College of Big Data and Information Engineering, Guizhou University, Guiyang, 550025, Guizhou, China.
School of Mathematics and Big Data, Guizhou Education University, Guiyang, 550018, Guizhou, China.
Sci Rep. 2023 May 19;13(1):8132. doi: 10.1038/s41598-023-35307-0.

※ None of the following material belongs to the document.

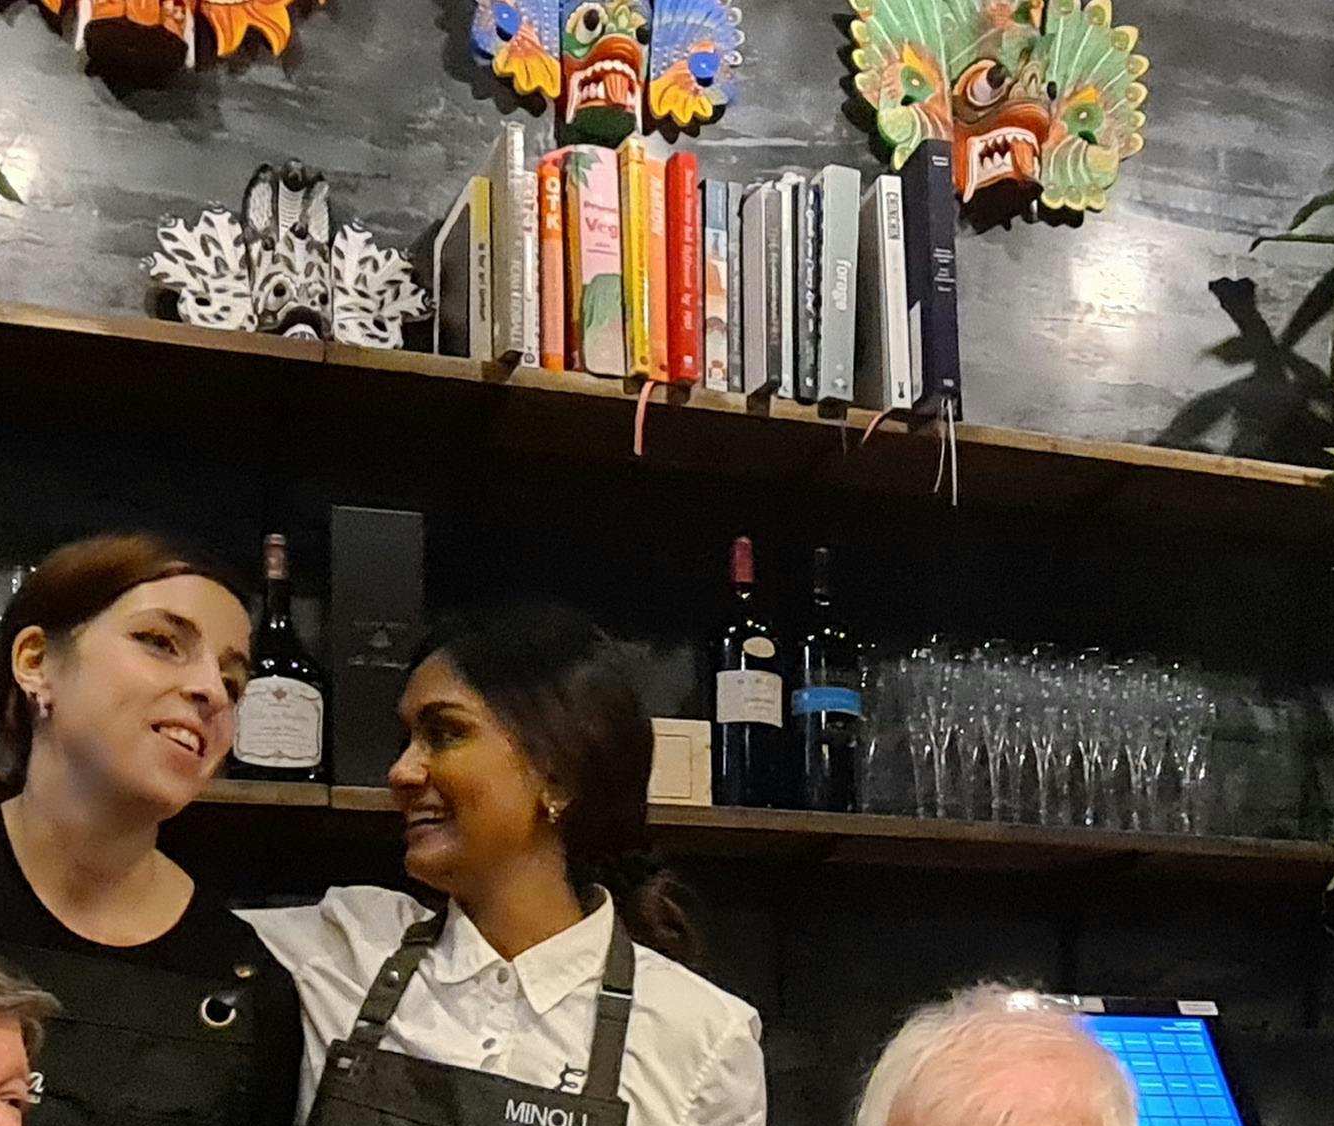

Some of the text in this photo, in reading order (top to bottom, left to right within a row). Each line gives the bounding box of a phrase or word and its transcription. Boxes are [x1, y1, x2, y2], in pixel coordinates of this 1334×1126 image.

This paper investigates the adaptive neural network prescribed performance control problem for a class of dual switching nonlinear systems with time-delay. By using the approximation of neural networks (NNs), an adaptive controller is designed to achieve tracking performance. Another research point of this paper is tracking performance constraints which can solve the performance degradation in practical systems. Therefore, an adaptive NNs output feedback tracking scheme is studied by combining the prescribed performance control (PPC) and backstepping method. With the designed controller and the switching rule, all signals of the closed-loop system are bounded, and the tracking performance satisfies the prescribed performance.
本文研究了一类具有时滞的双切换非线性系统的自适应神经网络规定性能控制问题。通过使用神经网络 (NNs) 的逼近,设计了一个自适应控制器来实现跟踪性能。本文的另一个研究点是跟踪性能约束,它可以解决实际系统中的性能降级问题。因此,通过将规定性能控制 (PPC) 和反推法相结合,研究了一种自适应神经网络输出反馈跟踪方案。通过所设计的控制器和切换规则,闭环系统的所有信号都是有界的,并且跟踪性能满足规定的性能要求。